Dr. Clowney, the first President of Westminster and Professor of Practical Theology, on the Mosaic covenant (PBT, 39):

"The inscripturation of the Word of God occurs at Sinai with the establishment of God’s covenant with his people.  While God’s calling of the fathers had a covenant form, the redemption of the assembly of God’s people, the congregation of Israel, calls for a formal covenant ratification with a precise and objective covenant instrument in writing."

Words are thus crucial to the covenant.  

This emphasis on writing continues in the prophets, for example Jer. 30:1-2, Isa. 30:8, Hab. 2:2-3 and Dan. 9:1-2.

The written nature of the Old Testament is evident as a given throughout the New Testament: For example, "It is written…." and more.

3.    God’s Word is preached.

Moses is the paradigmatic prophet in the Old Testament.  Here are some noteworthy aspects of his ministry:

At the very start, he confesses his inability to speak for God and God assures him that it will be him, God, who speaks through him: Exod. 4:10-16.

The people, when terrified at Sinai, ask Moses to speak to them on behalf of God.  He is an intermediary figure: Exod. 20: 18-19.

Deuteronomy is his great sermon, which includes (a) exposition (of the law given on Sinai), application to the people and exhortation to obedience.   It is informative but also existentially confrontational.

Prophetic preaching continues throughout the Old Testament and finds its way into the New Testament. For instance, there is John the Baptist, Jesus, and the disciples/apostles.

The Book of the Acts of the Apostles also shows us that preachers start to proliferate.

The sermons in Acts and the New Testament epistles indicate that the prophetic model of Moses (exposition, application and exhortation rooted in God’s revelation) is the standard.
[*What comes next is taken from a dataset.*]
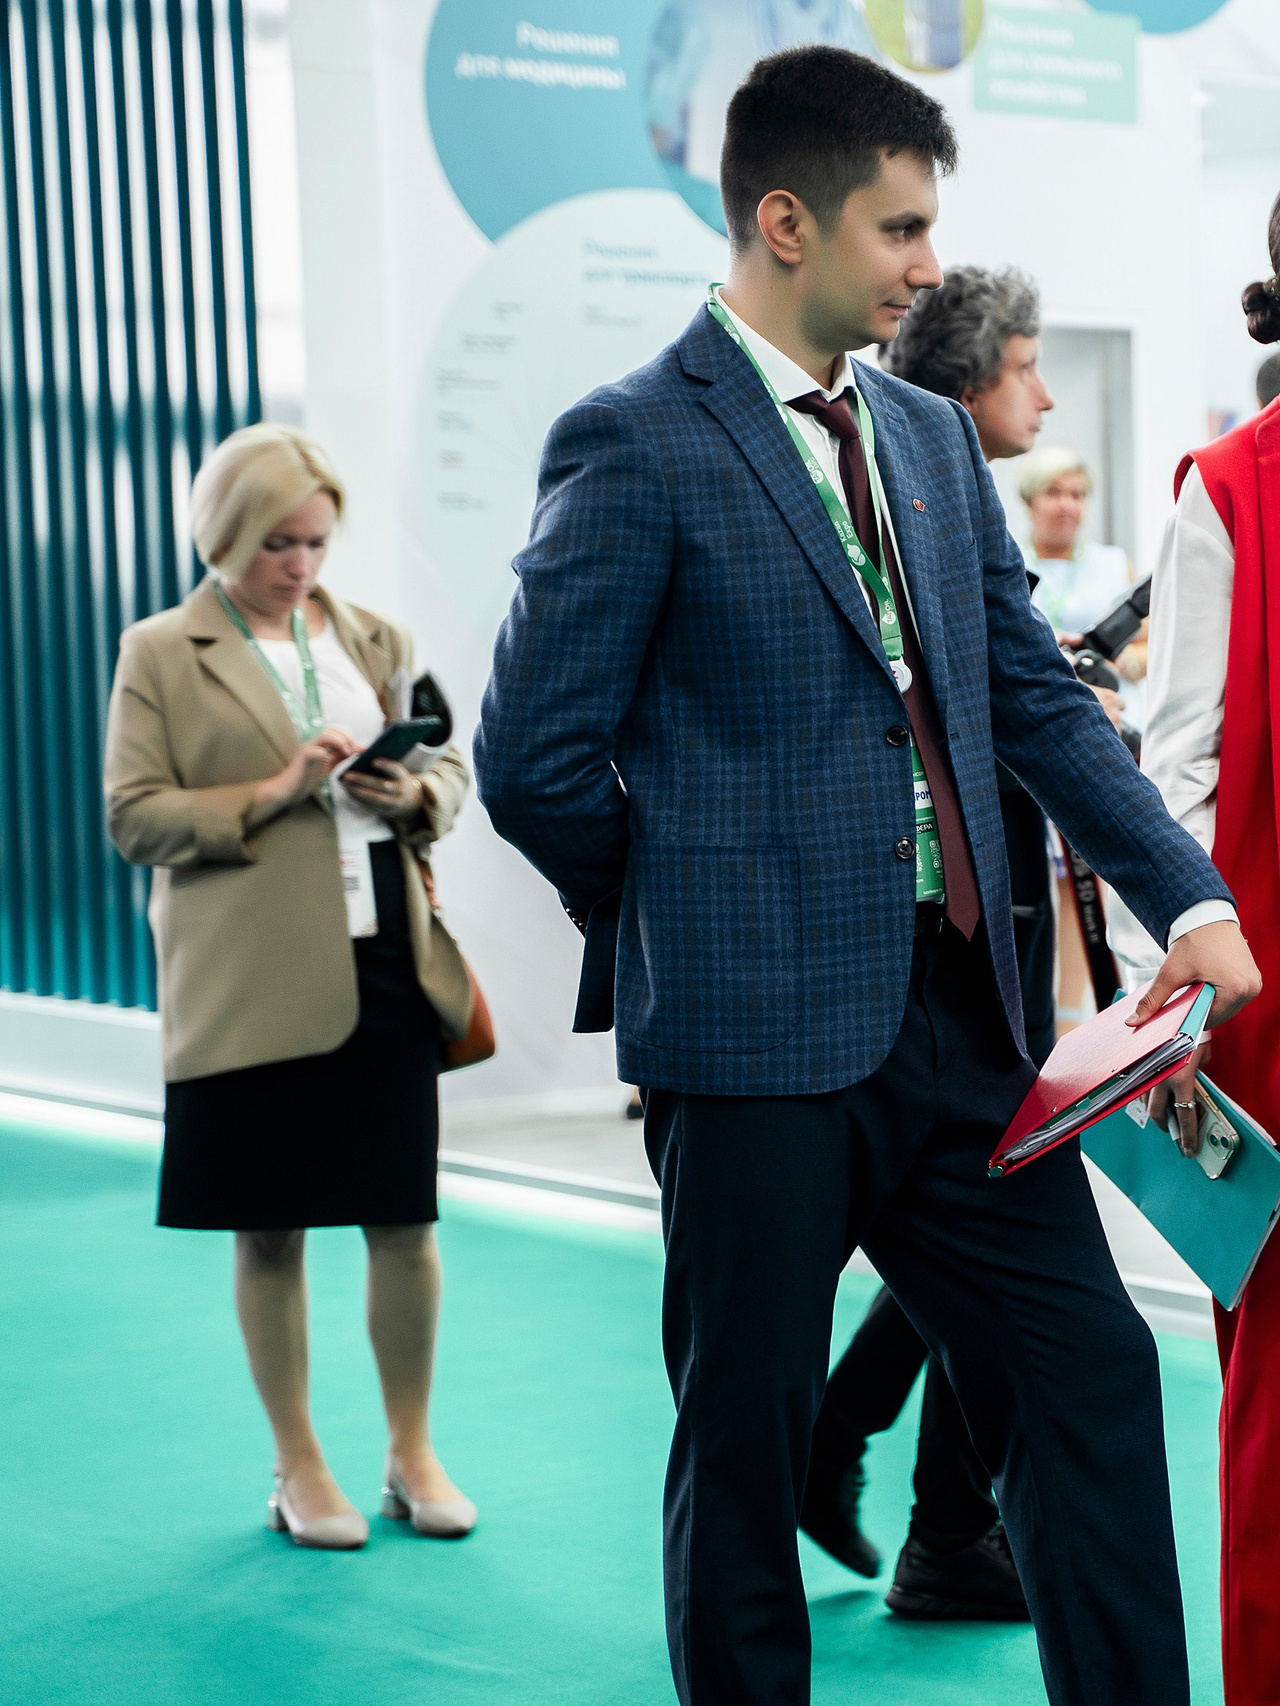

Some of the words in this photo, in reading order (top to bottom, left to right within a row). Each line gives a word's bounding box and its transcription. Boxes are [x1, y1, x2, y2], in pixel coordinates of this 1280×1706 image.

[515, 20, 619, 57] Решения
[454, 51, 500, 80] для
[834, 521, 846, 542] Kazan
[842, 520, 854, 539] Expo
Connect this to a theology of God as speaking means the preacher cannot see his task simply as communication.

So how does one preach prophetically?

First, there are the basic assumptions.  Understanding what one is supposed to be doing is crucial to doing the task properly.
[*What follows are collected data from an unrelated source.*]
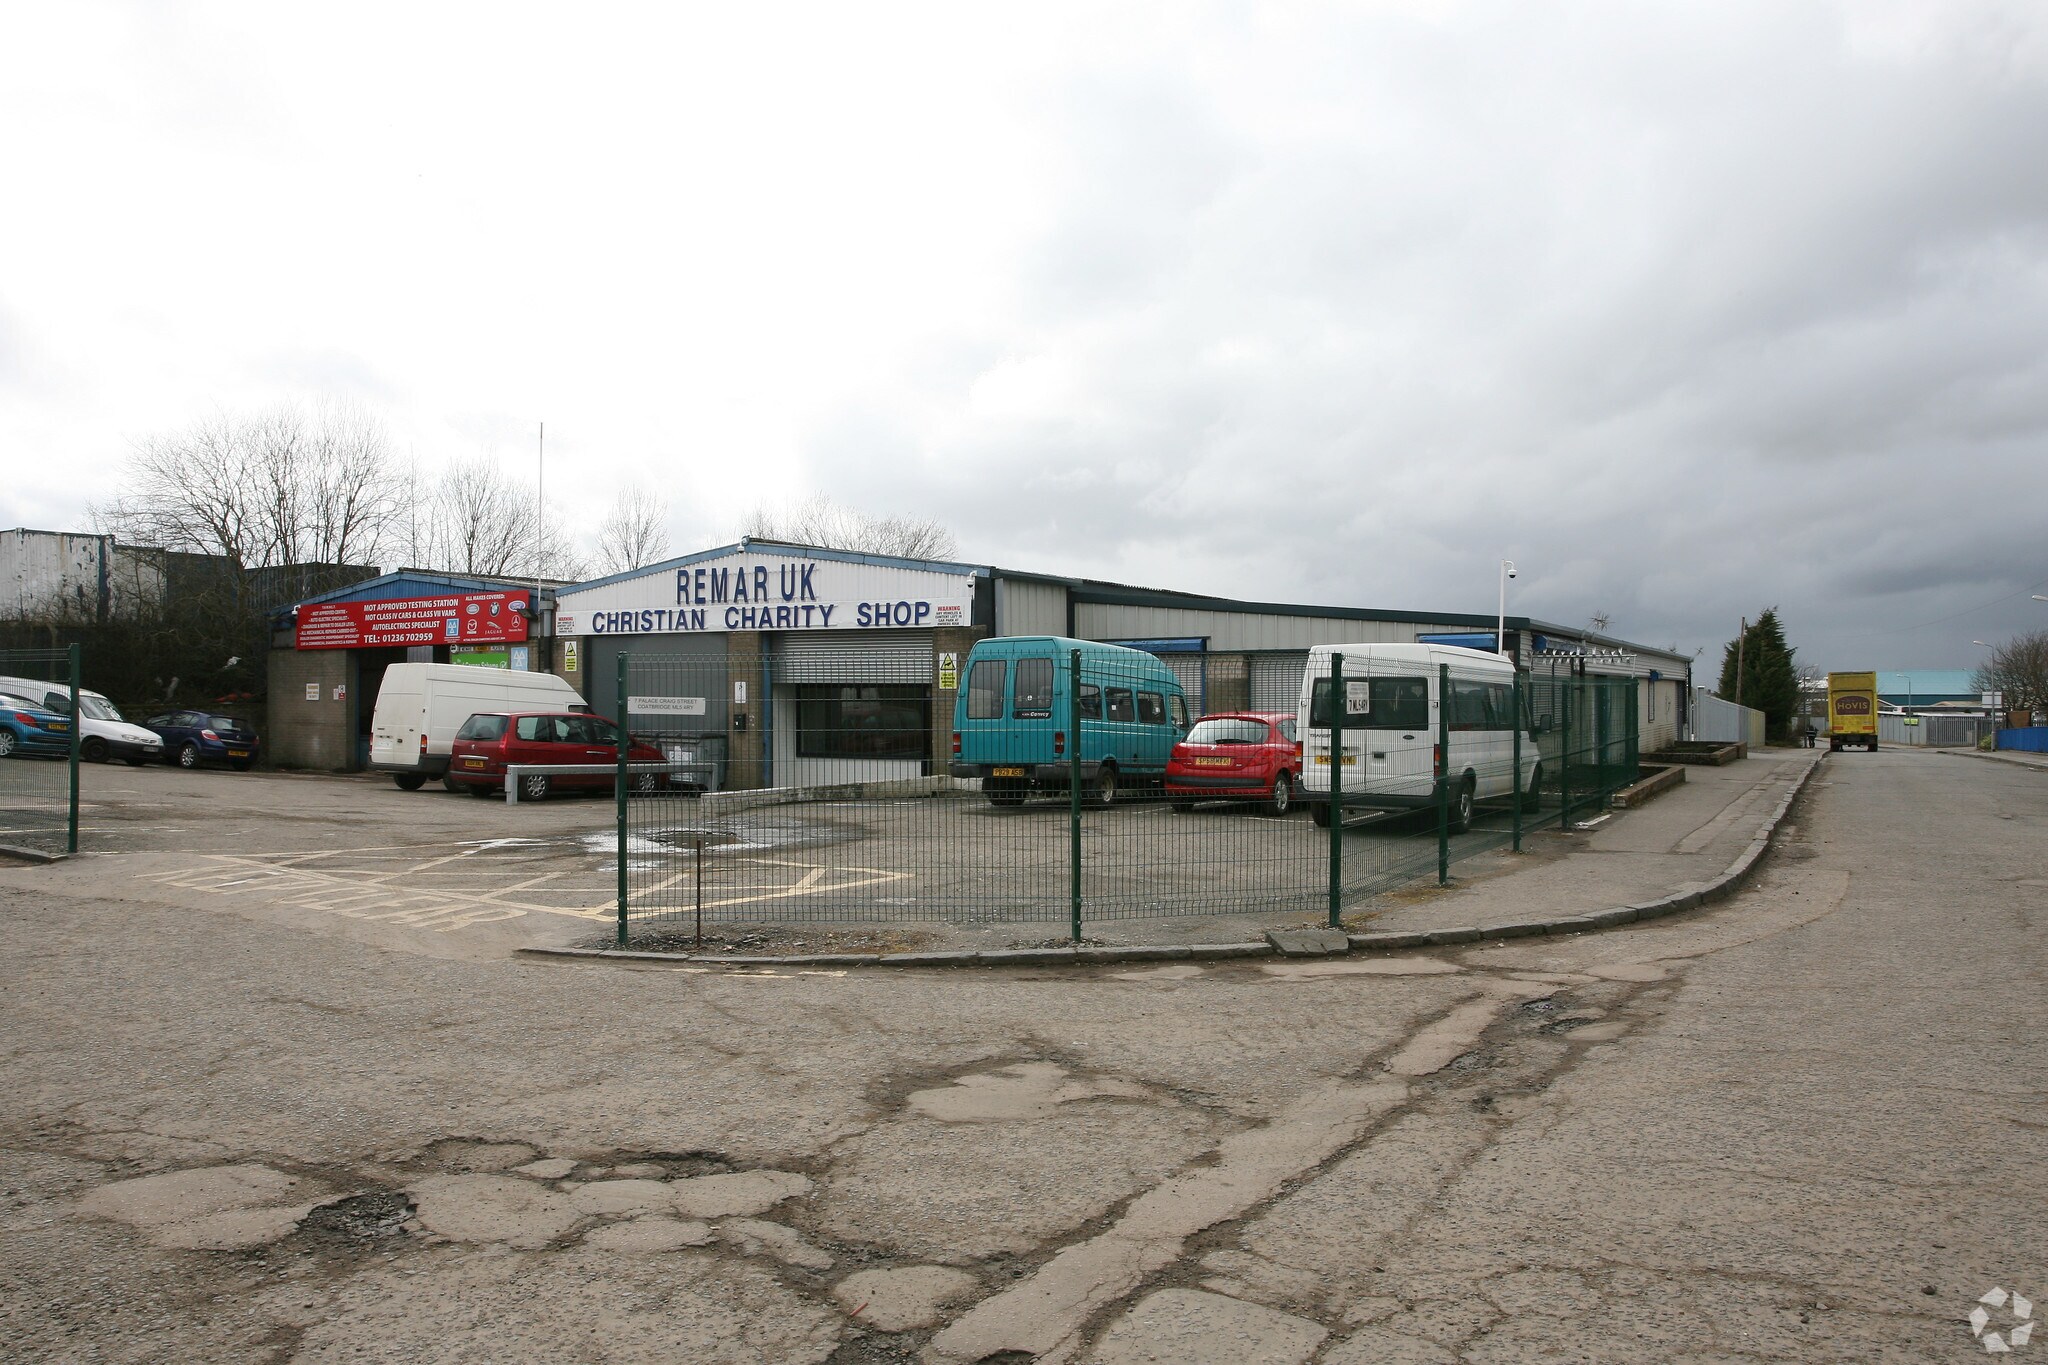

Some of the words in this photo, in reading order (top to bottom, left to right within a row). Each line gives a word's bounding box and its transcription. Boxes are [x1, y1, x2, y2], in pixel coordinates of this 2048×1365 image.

[677, 566, 768, 605] REMAR
[781, 563, 816, 601] UK
[377, 602, 407, 610] APPROVED
[408, 600, 433, 609] TESTING
[433, 599, 459, 607] STATION
[592, 608, 705, 633] CHRISTIAN
[724, 604, 834, 629] CHARITY
[856, 601, 930, 627] SHOP
[372, 622, 411, 630] AUTOELECTRICS
[411, 620, 440, 629] SPECIALIST
[364, 634, 380, 643] TEL:
[383, 634, 404, 642] 01236
[406, 633, 433, 641] 702959
Of course, this also means that a preacher has to believe that (a) God is a speaking God; (b) he has spoken in his inscripturated word; and (c) he continues to speak as that word is expounded today.

Crisis in preaching is as much a crisis in the doctrine of God and of Scripture as it is in confidence in the means of communication; indeed, the crisis in the latter is surely a function of a decline in the former two points.

A sound doctrine of God and a solid doctrine of Scripture are critical.  Also, a careful study of the movement of preaching from Moses to the close of the apostolic era is surely a very useful exercise.

Second, and in conclusion, if the basis for preaching is prophetic, then the content must also be prophetic.